WHAT YOU WILL DO: Where the data below shows a picture, leave that picture out and copy the rest exactly.

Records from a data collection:

┌────────

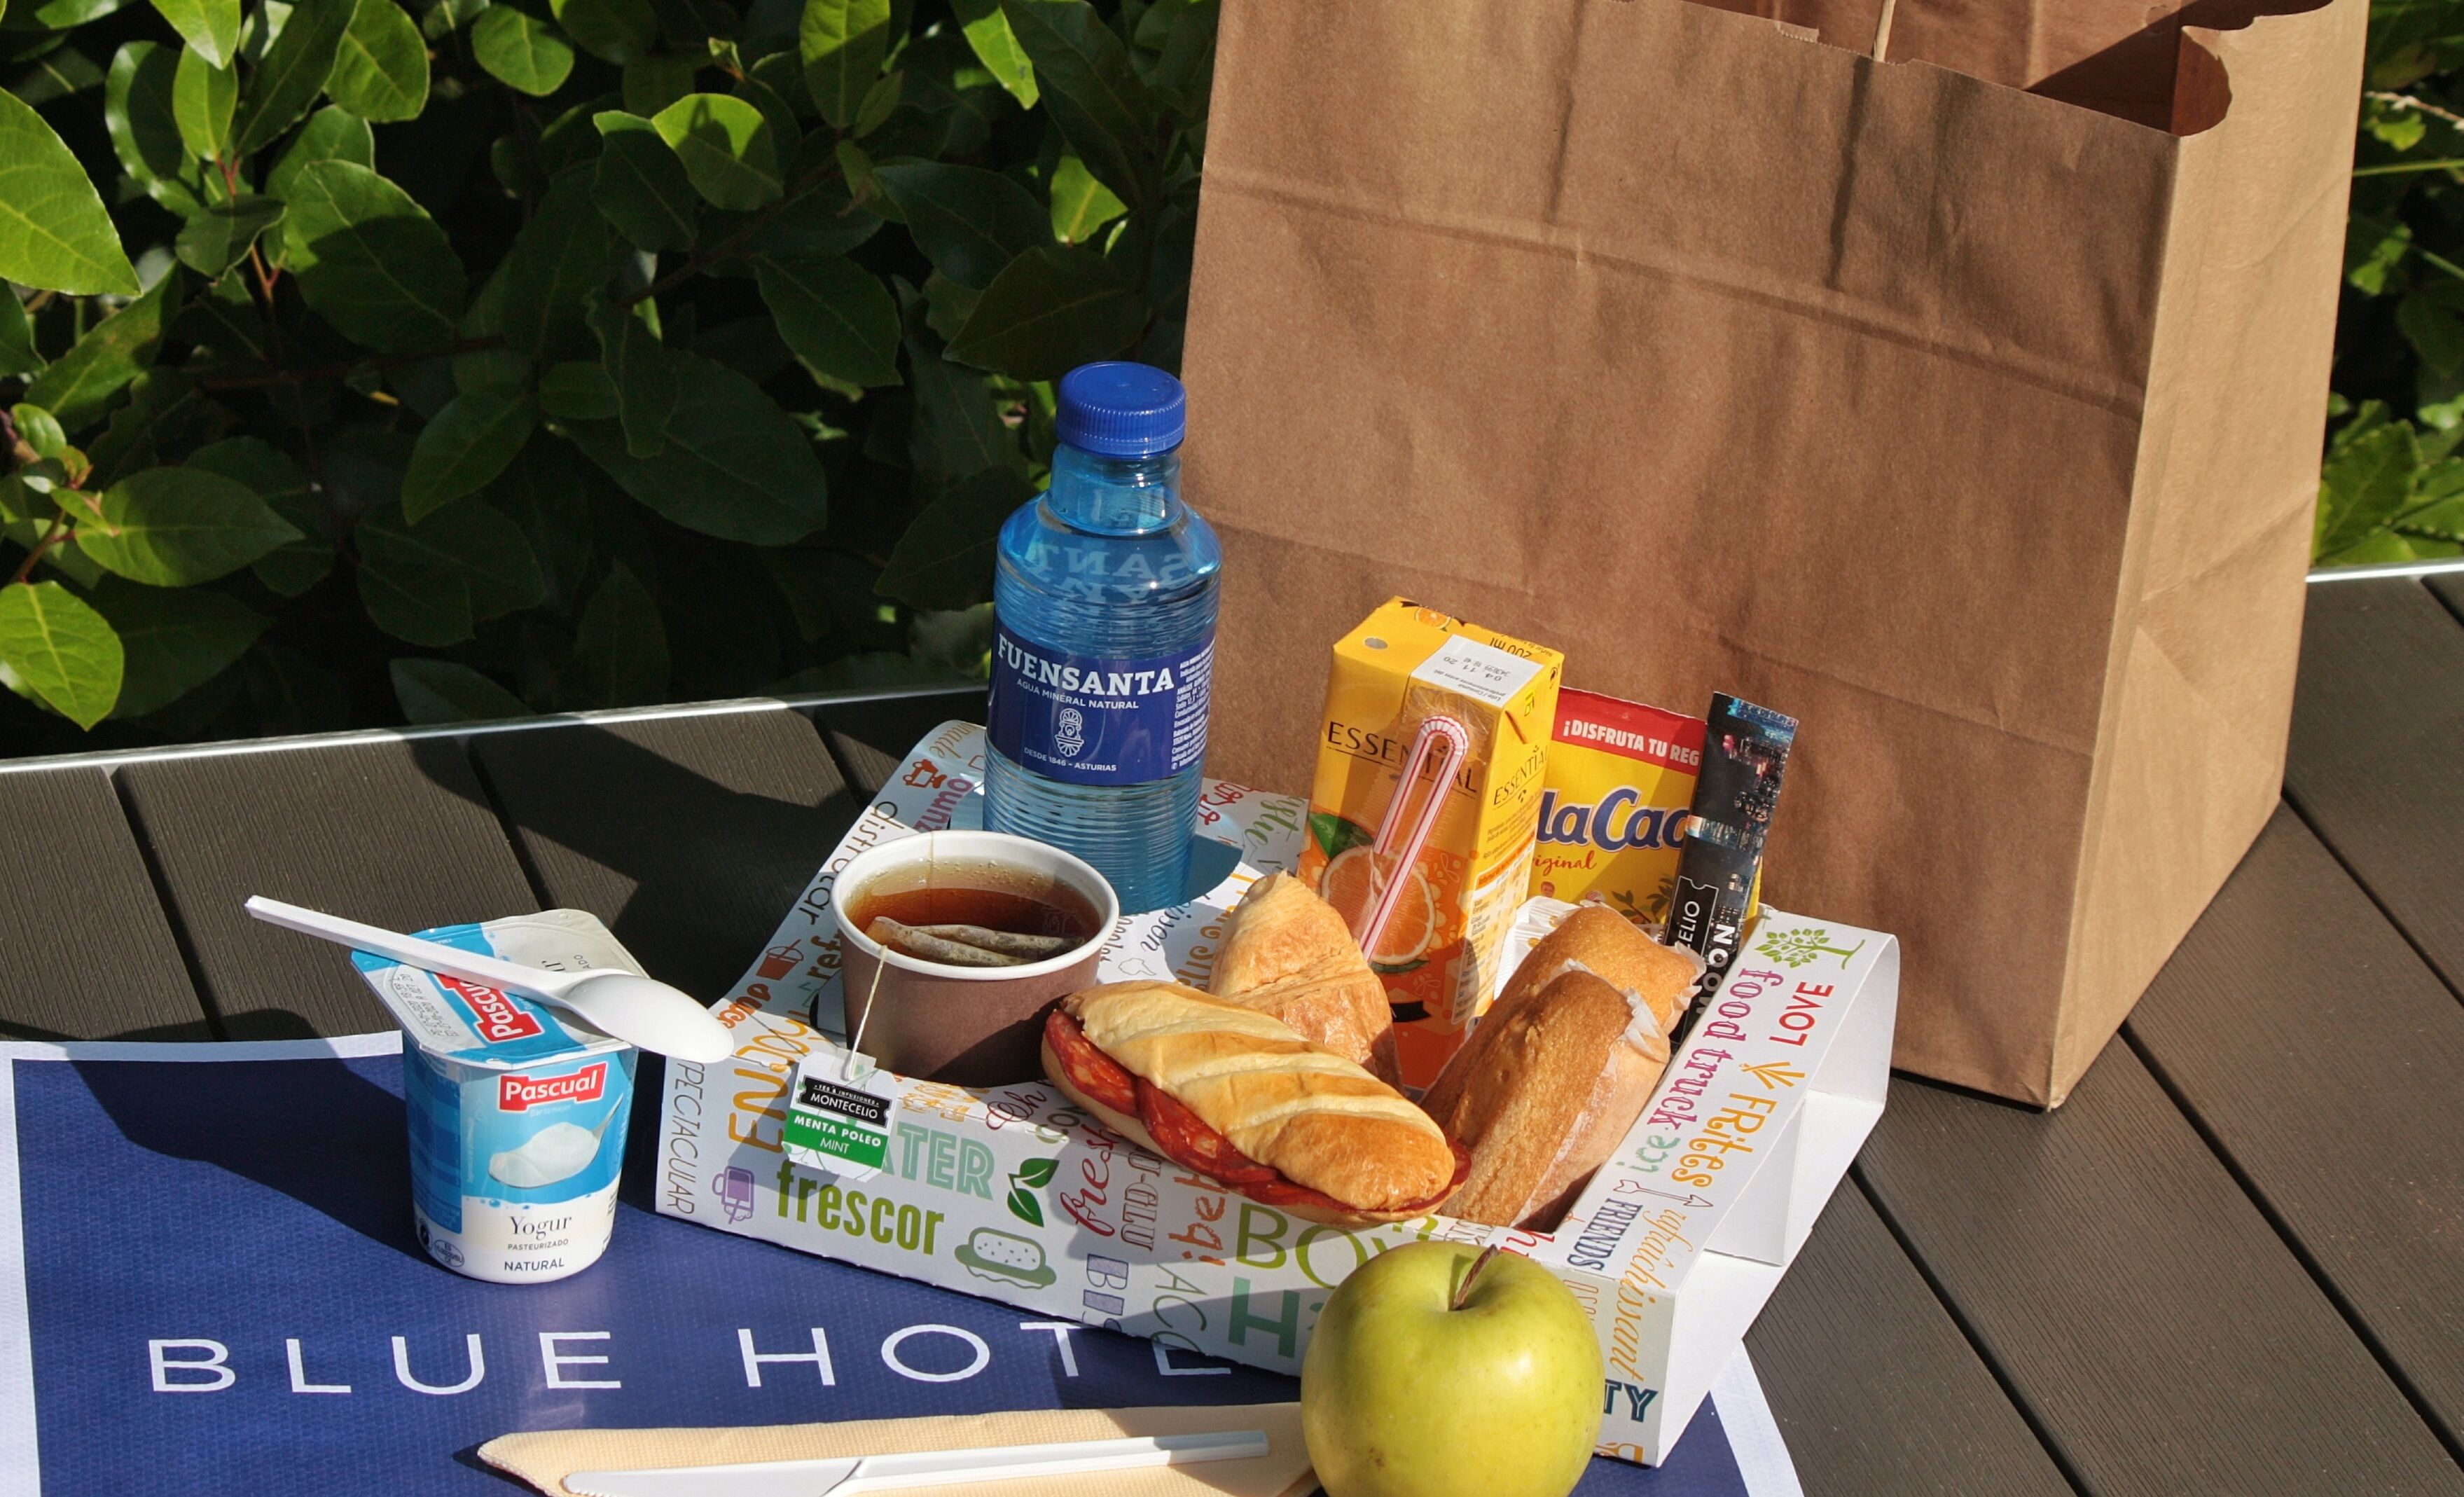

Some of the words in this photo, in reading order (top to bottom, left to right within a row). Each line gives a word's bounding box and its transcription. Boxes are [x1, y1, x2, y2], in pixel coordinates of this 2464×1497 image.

[998, 633, 1174, 696] FUENSANTA
[1017, 678, 1039, 694] AGUA
[1042, 689, 1086, 707] MINERAL
[1088, 701, 1139, 709] NATURAL
[1024, 747, 1046, 761] DESDE
[1048, 757, 1067, 767] 1846
[1074, 763, 1116, 771] ASTURIAS
[1563, 719, 1644, 752] ¡DISFRUTA
[1648, 738, 1667, 757] TU
[1670, 744, 1700, 767] REG
[1494, 744, 1549, 805] ESSENTIAL
[913, 778, 974, 832] zumo
[1702, 967, 1785, 1042] food
[1769, 981, 1835, 1047] LOVE
[506, 1071, 599, 1101] Pascual
[810, 1092, 878, 1119] MONTECELIO
[839, 1089, 876, 1105] INFUSIONES
[1646, 1047, 1733, 1131] truck
[794, 1115, 837, 1136] MENTA
[841, 1126, 882, 1147] POLEO
[820, 1137, 850, 1156] MINT
[1615, 1134, 1681, 1175] ice
[883, 1122, 995, 1201] TER
[1060, 1123, 1122, 1238] fresh
[508, 1215, 572, 1241] Yogur
[776, 1160, 946, 1256] frescor
[508, 1239, 569, 1251] PASTEURIZADO
[1567, 1197, 1644, 1272] FRIENDS
[504, 1257, 565, 1271] NATURAL
[148, 1330, 621, 1394] BLUE
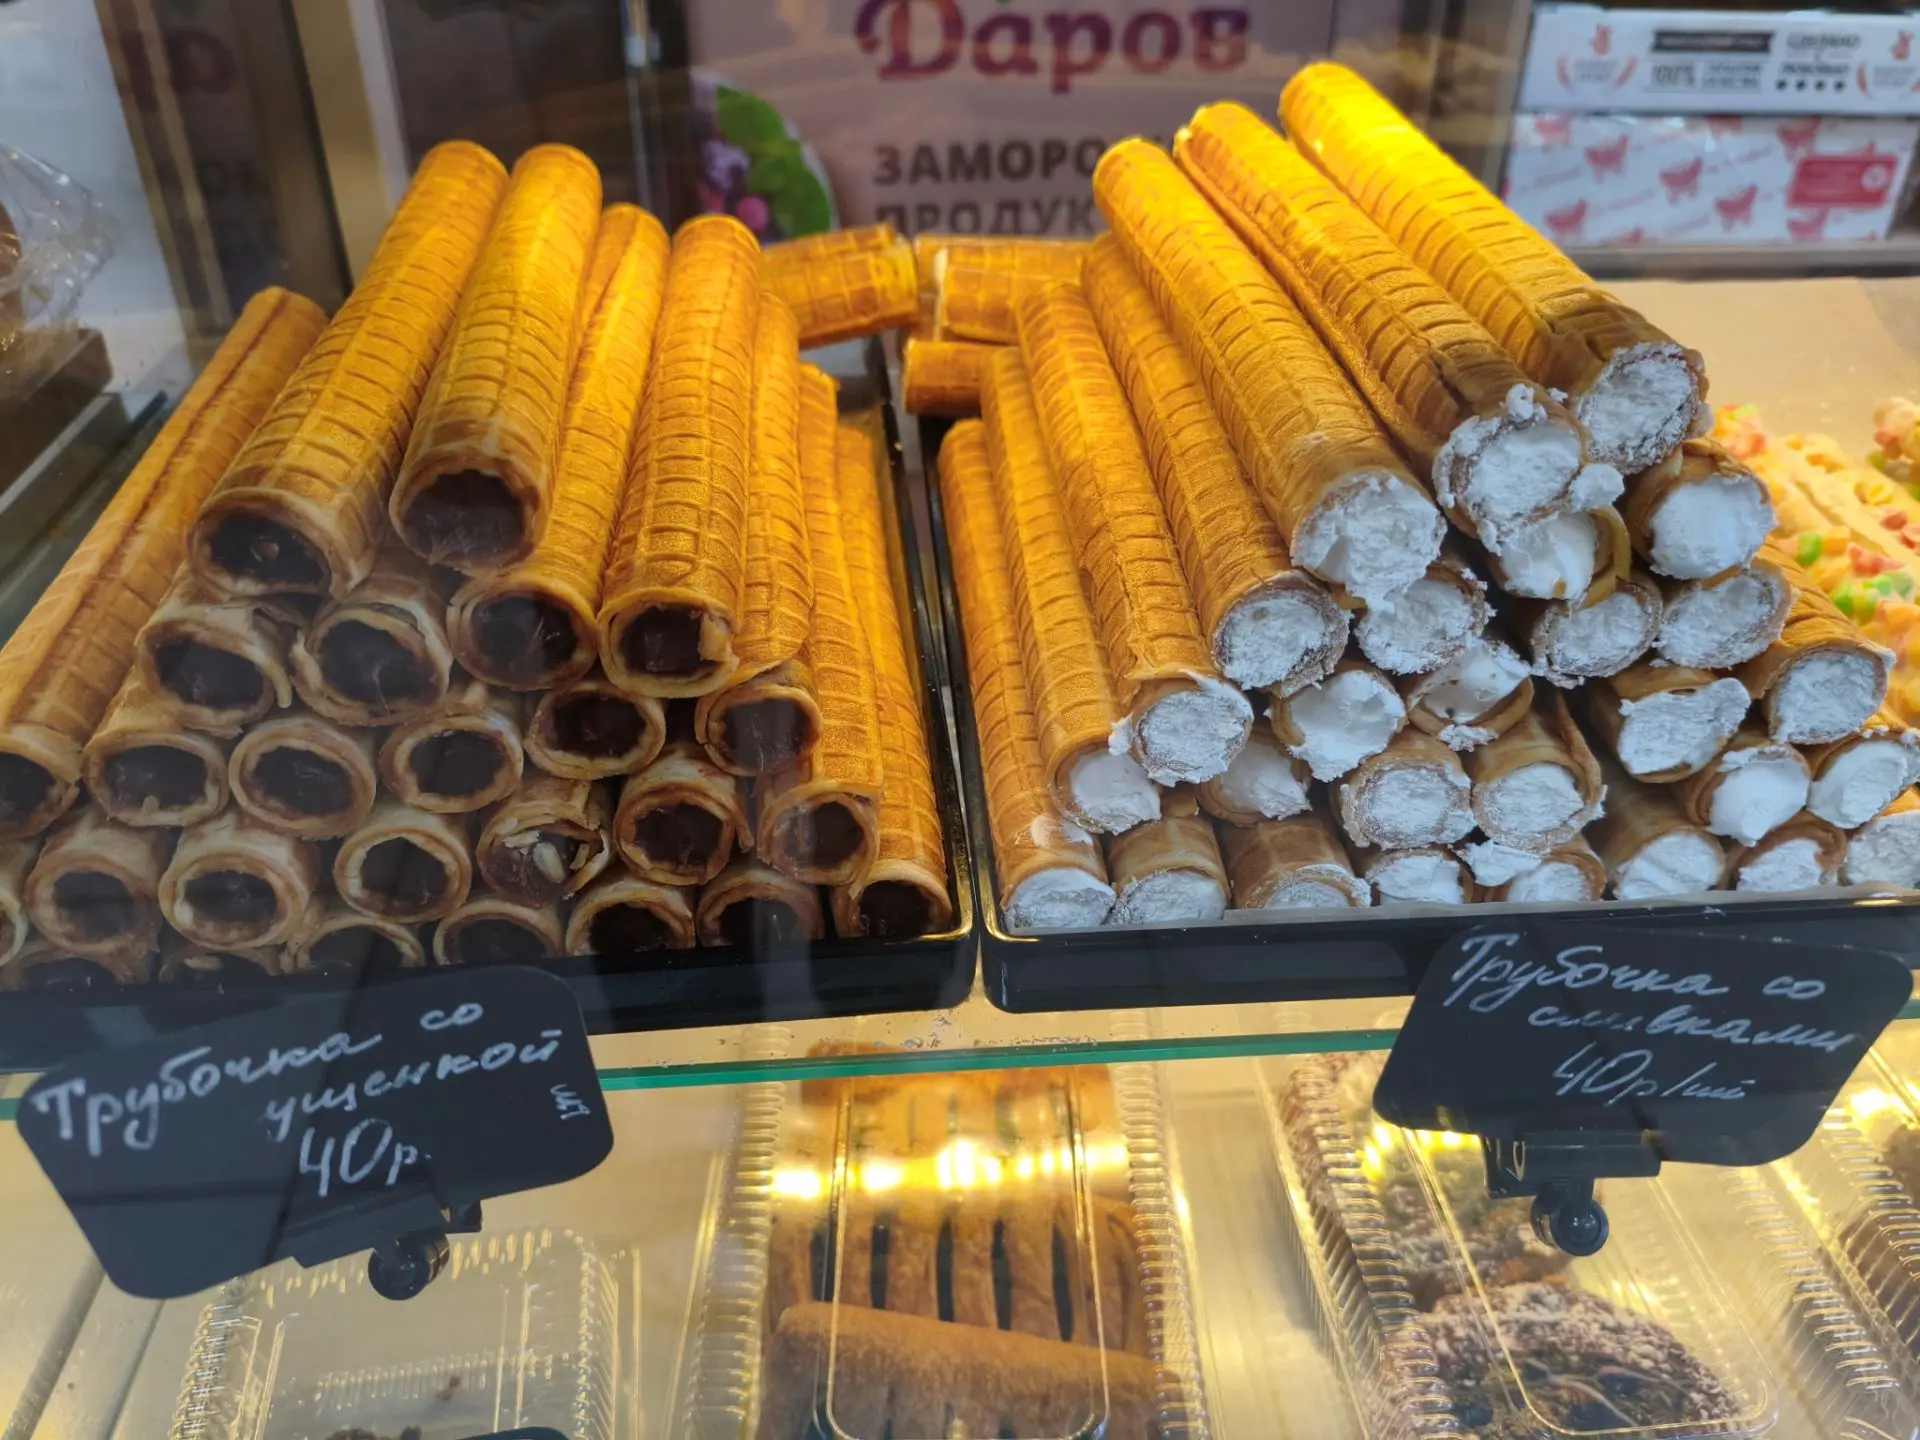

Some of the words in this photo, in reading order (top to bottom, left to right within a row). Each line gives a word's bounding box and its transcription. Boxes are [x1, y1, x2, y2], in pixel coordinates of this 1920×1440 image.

[872, 136, 1175, 186] ЗАМОРО
[1443, 933, 1728, 1013] Трубочка
[1762, 974, 1826, 999] со
[35, 1031, 384, 1157] Трубочка
[419, 1002, 484, 1031] со

└────────

RESULT BELOW:
Some of the words in this photo, in reading order (top to bottom, left to right within a row). Each line gives a word's bounding box and its transcription. Boxes are [x1, y1, x2, y2], in pixel coordinates of this 2464×1497 image.

[998, 633, 1174, 696] FUENSANTA
[1017, 678, 1039, 694] AGUA
[1042, 689, 1086, 707] MINERAL
[1088, 701, 1139, 709] NATURAL
[1024, 747, 1046, 761] DESDE
[1048, 757, 1067, 767] 1846
[1074, 763, 1116, 771] ASTURIAS
[1563, 719, 1644, 752] ¡DISFRUTA
[1648, 738, 1667, 757] TU
[1670, 744, 1700, 767] REG
[1494, 744, 1549, 805] ESSENTIAL
[913, 778, 974, 832] zumo
[1702, 967, 1785, 1042] food
[1769, 981, 1835, 1047] LOVE
[506, 1071, 599, 1101] Pascual
[810, 1092, 878, 1119] MONTECELIO
[839, 1089, 876, 1105] INFUSIONES
[1646, 1047, 1733, 1131] truck
[794, 1115, 837, 1136] MENTA
[841, 1126, 882, 1147] POLEO
[820, 1137, 850, 1156] MINT
[1615, 1134, 1681, 1175] ice
[883, 1122, 995, 1201] TER
[1060, 1123, 1122, 1238] fresh
[508, 1215, 572, 1241] Yogur
[776, 1160, 946, 1256] frescor
[508, 1239, 569, 1251] PASTEURIZADO
[1567, 1197, 1644, 1272] FRIENDS
[504, 1257, 565, 1271] NATURAL
[148, 1330, 621, 1394] BLUE

Some of the words in this photo, in reading order (top to bottom, left to right within a row). Each line gives a word's bounding box and its transcription. Boxes are [x1, y1, x2, y2], in pixel coordinates of this 1920×1440 image.

[872, 136, 1175, 186] ЗАМОРО
[1443, 933, 1728, 1013] Трубочка
[1762, 974, 1826, 999] со
[35, 1031, 384, 1157] Трубочка
[419, 1002, 484, 1031] со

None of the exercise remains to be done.